(Phrase grounding data)
------------------------------------------------
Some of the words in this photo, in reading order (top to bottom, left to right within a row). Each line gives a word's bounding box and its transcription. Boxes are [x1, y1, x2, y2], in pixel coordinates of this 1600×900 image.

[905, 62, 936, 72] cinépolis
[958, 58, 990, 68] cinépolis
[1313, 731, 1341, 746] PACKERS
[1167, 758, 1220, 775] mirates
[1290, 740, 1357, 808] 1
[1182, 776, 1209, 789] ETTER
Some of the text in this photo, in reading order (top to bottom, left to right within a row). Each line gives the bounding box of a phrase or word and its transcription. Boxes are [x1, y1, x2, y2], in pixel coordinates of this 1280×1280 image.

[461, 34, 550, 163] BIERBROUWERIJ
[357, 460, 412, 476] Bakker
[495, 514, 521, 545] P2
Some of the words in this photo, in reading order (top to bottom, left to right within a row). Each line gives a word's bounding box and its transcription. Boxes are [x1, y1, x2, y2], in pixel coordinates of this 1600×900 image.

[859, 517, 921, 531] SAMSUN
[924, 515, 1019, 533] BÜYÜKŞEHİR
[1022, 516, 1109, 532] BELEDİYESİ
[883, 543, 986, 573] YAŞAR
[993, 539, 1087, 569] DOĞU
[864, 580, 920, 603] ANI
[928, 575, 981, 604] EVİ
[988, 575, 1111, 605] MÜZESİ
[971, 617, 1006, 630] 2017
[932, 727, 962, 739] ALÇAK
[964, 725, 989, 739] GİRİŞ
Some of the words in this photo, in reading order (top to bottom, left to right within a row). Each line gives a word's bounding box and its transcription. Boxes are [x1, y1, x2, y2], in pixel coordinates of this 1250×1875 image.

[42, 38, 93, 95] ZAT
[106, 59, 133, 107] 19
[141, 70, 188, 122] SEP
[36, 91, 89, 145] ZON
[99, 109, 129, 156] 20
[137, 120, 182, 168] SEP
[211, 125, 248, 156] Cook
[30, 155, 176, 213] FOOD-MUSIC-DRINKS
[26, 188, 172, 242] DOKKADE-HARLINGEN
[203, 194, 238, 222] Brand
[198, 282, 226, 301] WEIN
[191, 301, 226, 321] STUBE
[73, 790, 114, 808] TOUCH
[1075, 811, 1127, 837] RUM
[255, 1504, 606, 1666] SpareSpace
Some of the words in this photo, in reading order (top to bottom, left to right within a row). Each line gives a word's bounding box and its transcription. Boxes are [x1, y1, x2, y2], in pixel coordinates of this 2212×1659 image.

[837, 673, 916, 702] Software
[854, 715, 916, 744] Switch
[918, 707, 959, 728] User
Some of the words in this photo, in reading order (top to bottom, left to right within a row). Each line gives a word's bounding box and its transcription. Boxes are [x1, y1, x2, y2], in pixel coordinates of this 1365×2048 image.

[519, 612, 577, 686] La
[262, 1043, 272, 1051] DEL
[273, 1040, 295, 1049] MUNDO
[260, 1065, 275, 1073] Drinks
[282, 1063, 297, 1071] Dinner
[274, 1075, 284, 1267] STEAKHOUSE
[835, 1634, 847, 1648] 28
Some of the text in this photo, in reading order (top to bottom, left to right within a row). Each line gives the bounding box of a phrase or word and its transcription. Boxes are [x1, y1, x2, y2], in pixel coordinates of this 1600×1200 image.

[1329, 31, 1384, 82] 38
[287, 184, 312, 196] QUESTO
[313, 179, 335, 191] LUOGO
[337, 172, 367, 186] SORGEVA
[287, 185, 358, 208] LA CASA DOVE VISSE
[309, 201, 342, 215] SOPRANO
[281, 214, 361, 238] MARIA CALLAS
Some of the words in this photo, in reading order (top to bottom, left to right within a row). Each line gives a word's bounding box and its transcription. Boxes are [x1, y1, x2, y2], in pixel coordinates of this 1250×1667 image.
------------------------------------------------
Problem details:
Each record above, from first to last, should be written out again exactly.

Completed exercise:
Some of the words in this photo, in reading order (top to bottom, left to right within a row). Each line gives a word's bounding box and its transcription. Boxes are [x1, y1, x2, y2], in pixel coordinates of this 1600×900 image.

[905, 62, 936, 72] cinépolis
[958, 58, 990, 68] cinépolis
[1313, 731, 1341, 746] PACKERS
[1167, 758, 1220, 775] mirates
[1290, 740, 1357, 808] 1
[1182, 776, 1209, 789] ETTER
Some of the text in this photo, in reading order (top to bottom, left to right within a row). Each line gives the bounding box of a phrase or word and its transcription. Boxes are [x1, y1, x2, y2], in pixel coordinates of this 1280×1280 image.

[461, 34, 550, 163] BIERBROUWERIJ
[357, 460, 412, 476] Bakker
[495, 514, 521, 545] P2
Some of the words in this photo, in reading order (top to bottom, left to right within a row). Each line gives a word's bounding box and its transcription. Boxes are [x1, y1, x2, y2], in pixel coordinates of this 1600×900 image.

[859, 517, 921, 531] SAMSUN
[924, 515, 1019, 533] BÜYÜKŞEHİR
[1022, 516, 1109, 532] BELEDİYESİ
[883, 543, 986, 573] YAŞAR
[993, 539, 1087, 569] DOĞU
[864, 580, 920, 603] ANI
[928, 575, 981, 604] EVİ
[988, 575, 1111, 605] MÜZESİ
[971, 617, 1006, 630] 2017
[932, 727, 962, 739] ALÇAK
[964, 725, 989, 739] GİRİŞ
Some of the words in this photo, in reading order (top to bottom, left to right within a row). Each line gives a word's bounding box and its transcription. Boxes are [x1, y1, x2, y2], in pixel coordinates of this 1250×1875 image.

[42, 38, 93, 95] ZAT
[106, 59, 133, 107] 19
[141, 70, 188, 122] SEP
[36, 91, 89, 145] ZON
[99, 109, 129, 156] 20
[137, 120, 182, 168] SEP
[211, 125, 248, 156] Cook
[30, 155, 176, 213] FOOD-MUSIC-DRINKS
[26, 188, 172, 242] DOKKADE-HARLINGEN
[203, 194, 238, 222] Brand
[198, 282, 226, 301] WEIN
[191, 301, 226, 321] STUBE
[73, 790, 114, 808] TOUCH
[1075, 811, 1127, 837] RUM
[255, 1504, 606, 1666] SpareSpace
Some of the words in this photo, in reading order (top to bottom, left to right within a row). Each line gives a word's bounding box and its transcription. Boxes are [x1, y1, x2, y2], in pixel coordinates of this 2212×1659 image.

[837, 673, 916, 702] Software
[854, 715, 916, 744] Switch
[918, 707, 959, 728] User
Some of the words in this photo, in reading order (top to bottom, left to right within a row). Each line gives a word's bounding box and its transcription. Boxes are [x1, y1, x2, y2], in pixel coordinates of this 1365×2048 image.

[519, 612, 577, 686] La
[262, 1043, 272, 1051] DEL
[273, 1040, 295, 1049] MUNDO
[260, 1065, 275, 1073] Drinks
[282, 1063, 297, 1071] Dinner
[274, 1075, 284, 1267] STEAKHOUSE
[835, 1634, 847, 1648] 28
Some of the text in this photo, in reading order (top to bottom, left to right within a row). Each line gives the bounding box of a phrase or word and its transcription. Boxes are [x1, y1, x2, y2], in pixel coordinates of this 1600×1200 image.

[1329, 31, 1384, 82] 38
[287, 184, 312, 196] QUESTO
[313, 179, 335, 191] LUOGO
[337, 172, 367, 186] SORGEVA
[287, 185, 358, 208] LA CASA DOVE VISSE
[309, 201, 342, 215] SOPRANO
[281, 214, 361, 238] MARIA CALLAS
Some of the words in this photo, in reading order (top to bottom, left to right within a row). Each line gives a word's bounding box and its transcription. Boxes are [x1, y1, x2, y2], in pixel coordinates of this 1250×1667 image.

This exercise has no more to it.